In [52]:
%load_ext autoreload
%autoreload 2

import matplotlib.pyplot as plt
import numpy as np
import plotly.express as px
from sklearn.metrics.pairwise import cosine_similarity, euclidean_distances
import torch
import torch.nn as nn
import torch.nn.functional as F
import torch.optim as optim
from torch.utils.data import Dataset, DataLoader
import utils

The autoreload extension is already loaded. To reload it, use:
  %reload_ext autoreload


In [74]:
class SpatialDataset(Dataset):
    def __init__(self, inputs, outputs,device=utils.set_torch_device()):
        n_locs = inputs.shape[0] # number of (x,y) positions.
        n_contexts = outputs.shape[1]
        context_onehots = torch.eye(n_contexts,device=device).float()
        self.outputs = outputs.T.ravel().reshape(-1,1).float()
        self.inputs = inputs.repeat_interleave(n_contexts, dim=0)
        self.contexts = context_onehots.repeat_interleave(n_locs, dim=0)


    def __len__(self):
        return len(self.inputs)


    def __getitem__(self, idx):
        return self.inputs[idx], self.contexts[idx], self.outputs[idx]    

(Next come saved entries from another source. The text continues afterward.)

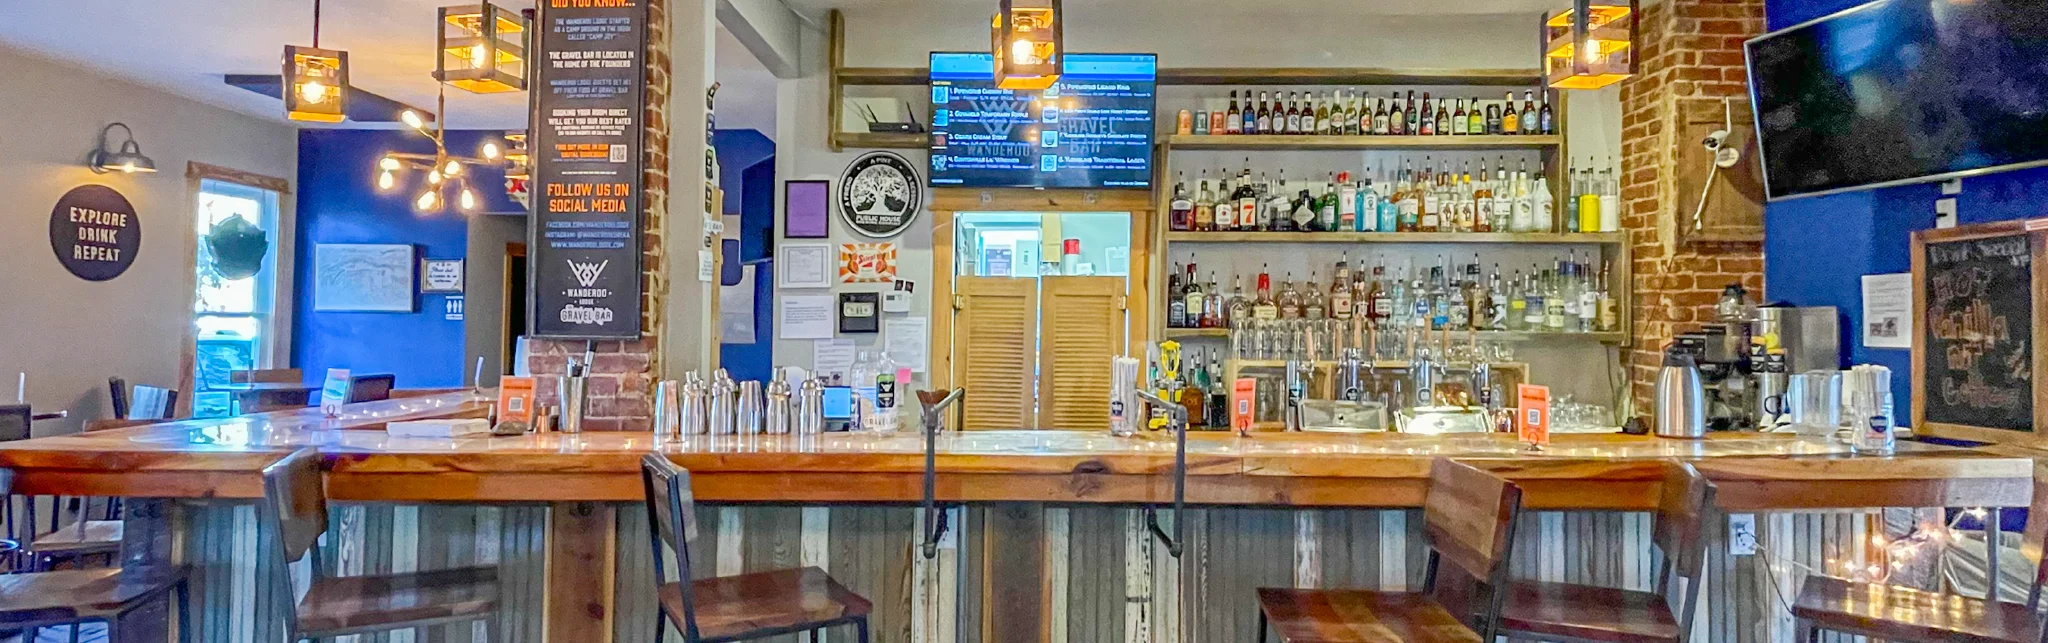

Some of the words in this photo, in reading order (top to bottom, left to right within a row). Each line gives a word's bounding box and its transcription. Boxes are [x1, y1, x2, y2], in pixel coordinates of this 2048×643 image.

[581, 60, 588, 68] OF
[590, 60, 600, 68] THE
[548, 184, 592, 196] FOLLOW
[596, 184, 610, 196] US
[614, 184, 629, 196] ON
[550, 199, 588, 212] SOCIAL
[592, 199, 626, 212] MEDIA
[70, 207, 127, 227] EXPLORE
[1243, 204, 1254, 223] 7
[78, 227, 118, 244] DRINK
[74, 245, 121, 261] REPEAT
[567, 289, 607, 297] WANDEROO
[562, 310, 592, 320] GRAVEL
[595, 310, 611, 320] BAR

class SpatialModel(nn.Module):
    def __init__(self, n_input=2, n_output=1, n_context_independent_hidden = 128, n_context_hidden = 128,
                 n_context_dependent_hidden = 128, n_contexts=100, n_independent_layers = 1,
                 device=utils.set_torch_device()):
        super().__init__()
        self.device = device
        if n_independent_layers == 1:
            self.ctxt_ind = nn.Linear(n_input, n_context_independent_hidden,device=self.device)
            nn.init.kaiming_normal_(self.ctxt_ind.weight, nonlinearity='relu')
        else:
            layers = []
            for i in range(n_independent_layers-1):
                layers.append(nn.Linear(n_input, n_context_independent_hidden,device=self.device))
                layers.append(nn.ReLU())
            layers.append(nn.Linear(n_context_independent_hidden, n_context_independent_hidden,device=self.device))
            self.ctxt_ind = nn.Sequential(*layers)
        self.ctxt = nn.Linear(n_contexts, n_context_hidden,bias=False,device=self.device)
        self.ctxt_dep = nn.Linear(n_context_independent_hidden+n_context_hidden,
                                  n_context_dependent_hidden,device=self.device)
        self.out = nn.Linear(n_context_independent_hidden, n_output,device=self.device)

        
        nn.init.kaiming_normal_(self.ctxt.weight, nonlinearity='relu')
        nn.init.kaiming_normal_(self.ctxt_dep.weight, nonlinearity='relu')


    def forward(self, x, context):
        ctxt_indep_rep = F.relu(self.ctxt_ind(x))
        ctxt_rep = F.relu(self.ctxt(context))
        ctxt_dep_rep = F.relu(self.ctxt_dep(torch.hstack([ctxt_indep_rep, ctxt_rep])))
        return torch.sigmoid(self.out(ctxt_dep_rep))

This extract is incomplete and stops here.